## What to do
Give back every entry exactly as it is written, but not the pictures.

Data items:
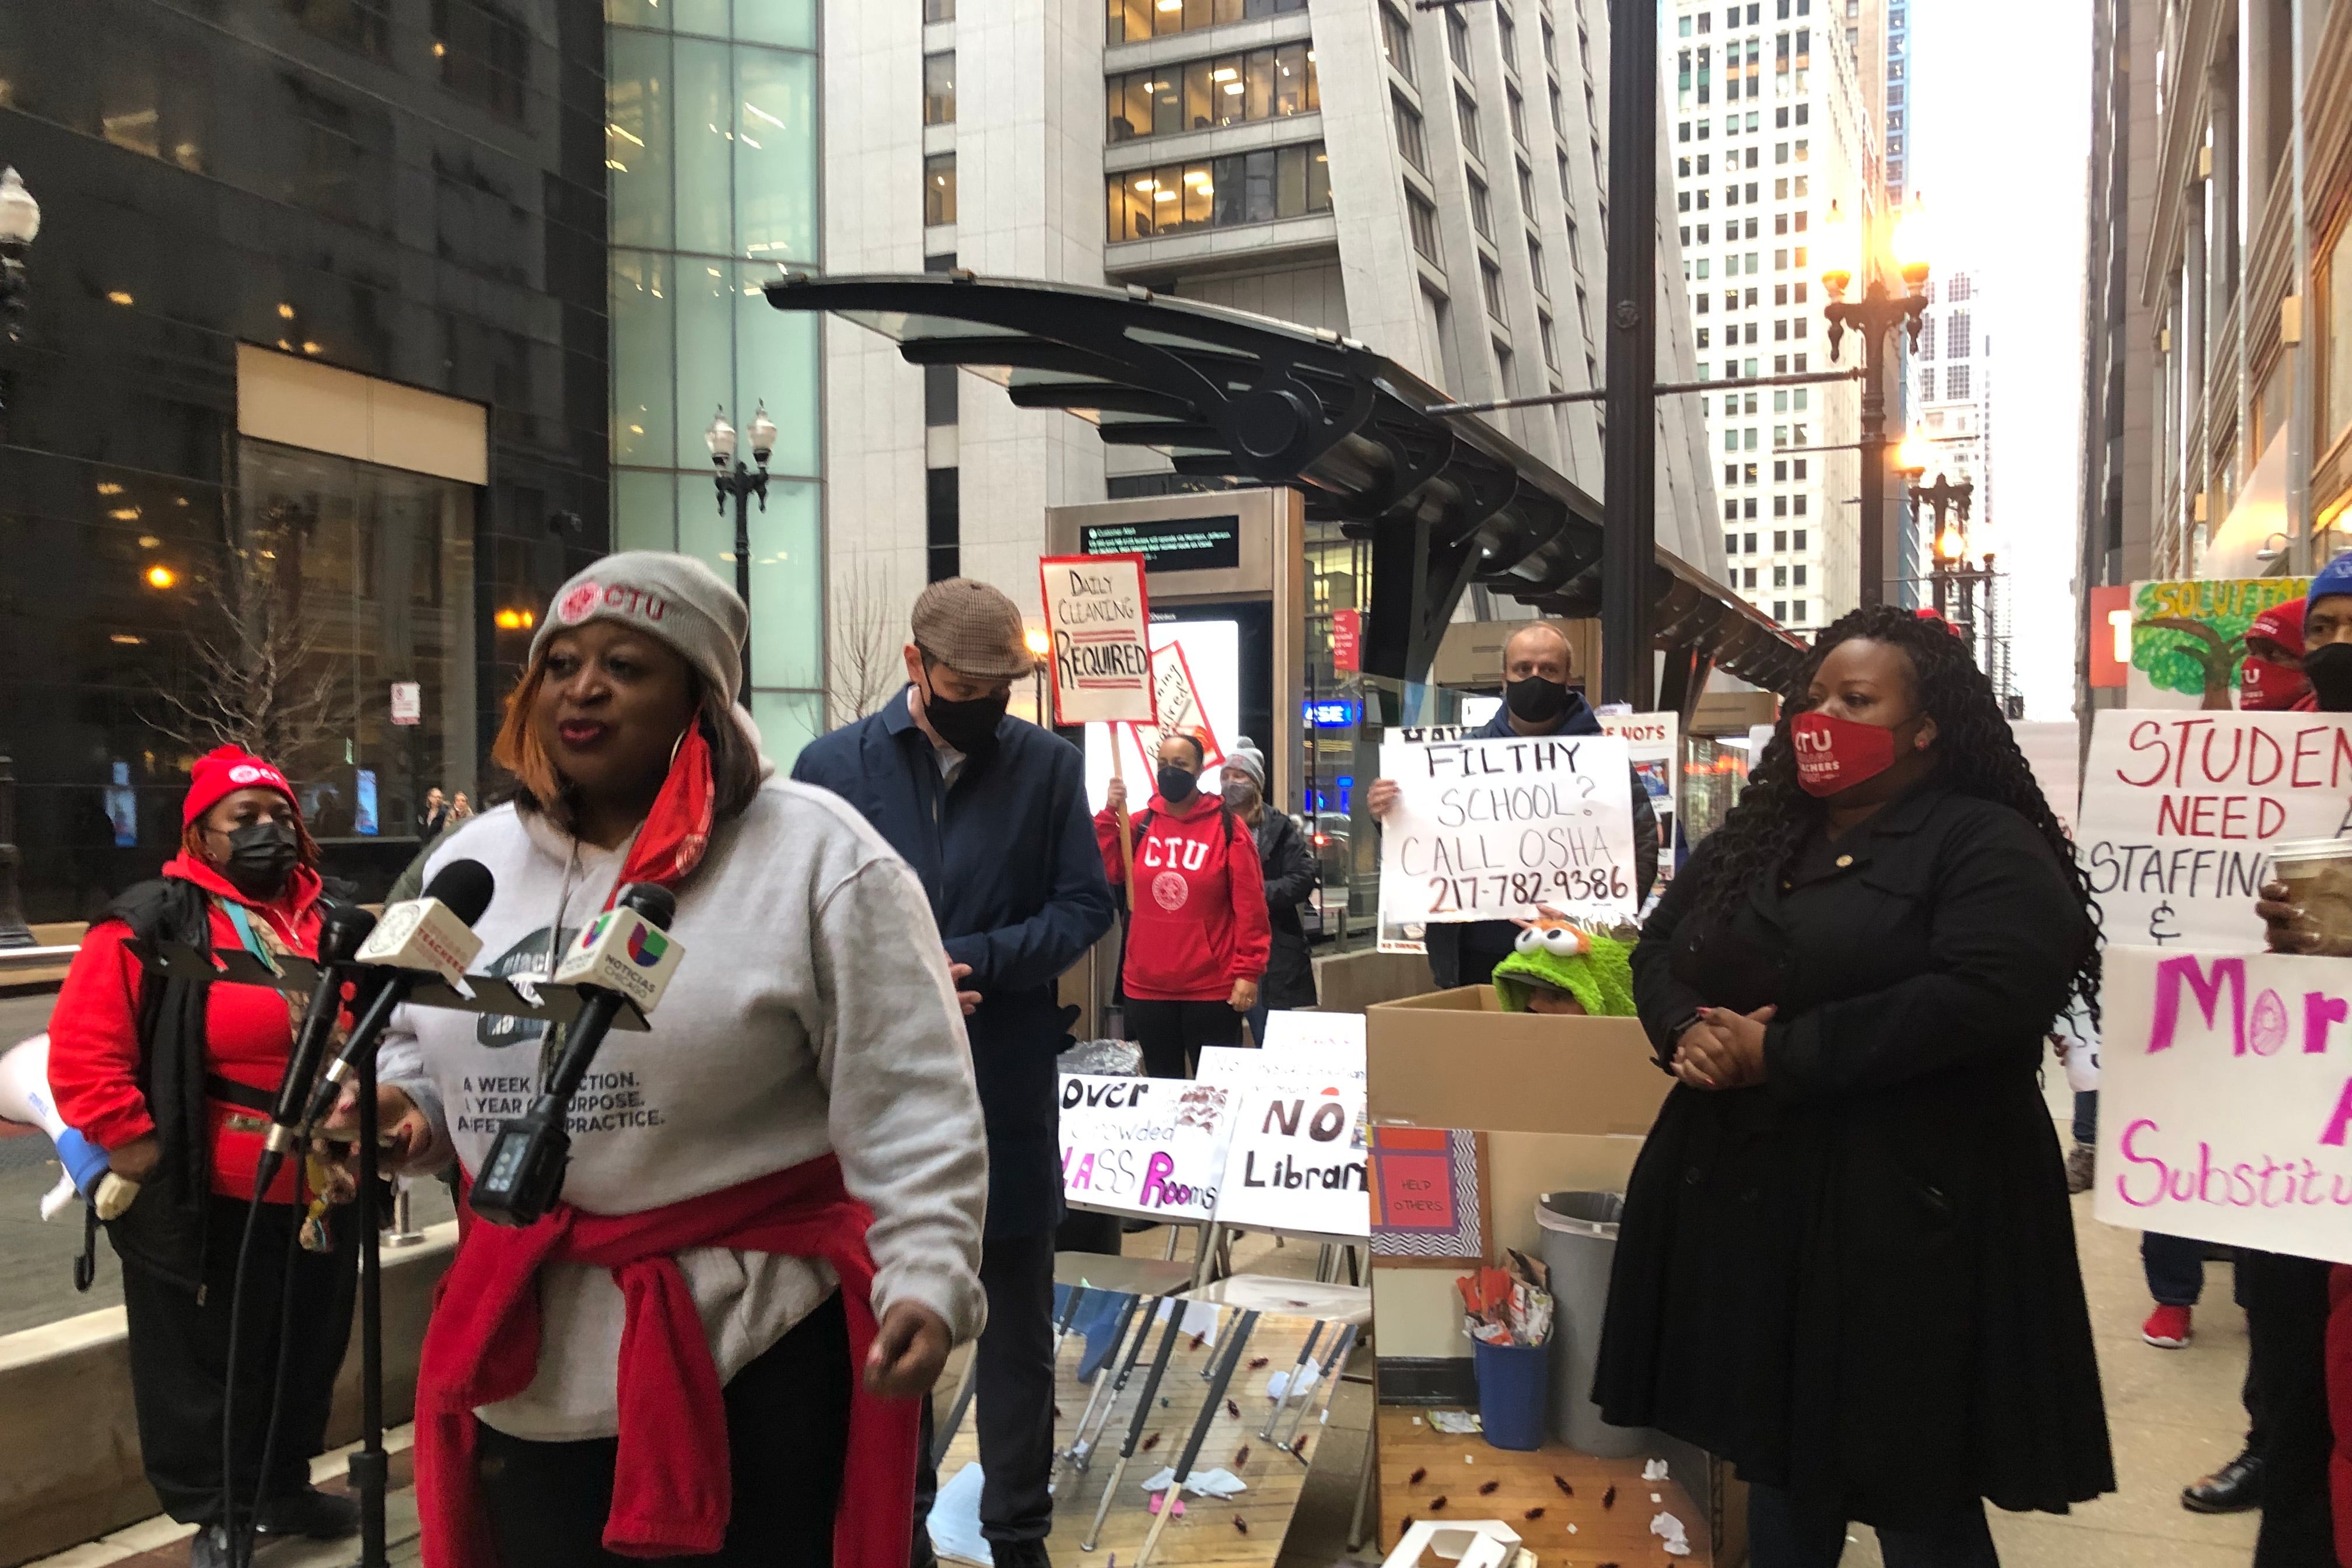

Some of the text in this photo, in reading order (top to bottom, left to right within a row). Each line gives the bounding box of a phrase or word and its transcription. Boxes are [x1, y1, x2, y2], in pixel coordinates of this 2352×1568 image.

[604, 583, 666, 621] CTU
[1069, 569, 1113, 597] DAILY
[1058, 596, 1135, 624] CLEANING
[1054, 628, 1149, 690] REQUIRED
[1424, 742, 1580, 778] FILTHY
[1437, 775, 1596, 827] SCHOOL?
[2157, 794, 2286, 840] NEED
[1144, 835, 1210, 871] CTU
[1401, 825, 1614, 876] CALL OSHA
[1428, 864, 1629, 914] 217-782-9386
[604, 965, 648, 999] CHICAGO
[605, 953, 656, 993] NOTICIAS
[2146, 954, 2351, 1057] Mor
[464, 1076, 473, 1093] A
[478, 1075, 530, 1093] WEEK
[458, 1115, 469, 1132] A
[565, 1110, 666, 1133] PRACTICE.
[475, 1097, 523, 1113] YEAR
[1261, 1099, 1345, 1142] NO
[1139, 1151, 1219, 1209] Rooms

## Task answer
Some of the text in this photo, in reading order (top to bottom, left to right within a row). Each line gives the bounding box of a phrase or word and its transcription. Boxes are [x1, y1, x2, y2], in pixel coordinates of this 2352×1568 image.

[604, 583, 666, 621] CTU
[1069, 569, 1113, 597] DAILY
[1058, 596, 1135, 624] CLEANING
[1054, 628, 1149, 690] REQUIRED
[1424, 742, 1580, 778] FILTHY
[1437, 775, 1596, 827] SCHOOL?
[2157, 794, 2286, 840] NEED
[1144, 835, 1210, 871] CTU
[1401, 825, 1614, 876] CALL OSHA
[1428, 864, 1629, 914] 217-782-9386
[604, 965, 648, 999] CHICAGO
[605, 953, 656, 993] NOTICIAS
[2146, 954, 2351, 1057] Mor
[464, 1076, 473, 1093] A
[478, 1075, 530, 1093] WEEK
[458, 1115, 469, 1132] A
[565, 1110, 666, 1133] PRACTICE.
[475, 1097, 523, 1113] YEAR
[1261, 1099, 1345, 1142] NO
[1139, 1151, 1219, 1209] Rooms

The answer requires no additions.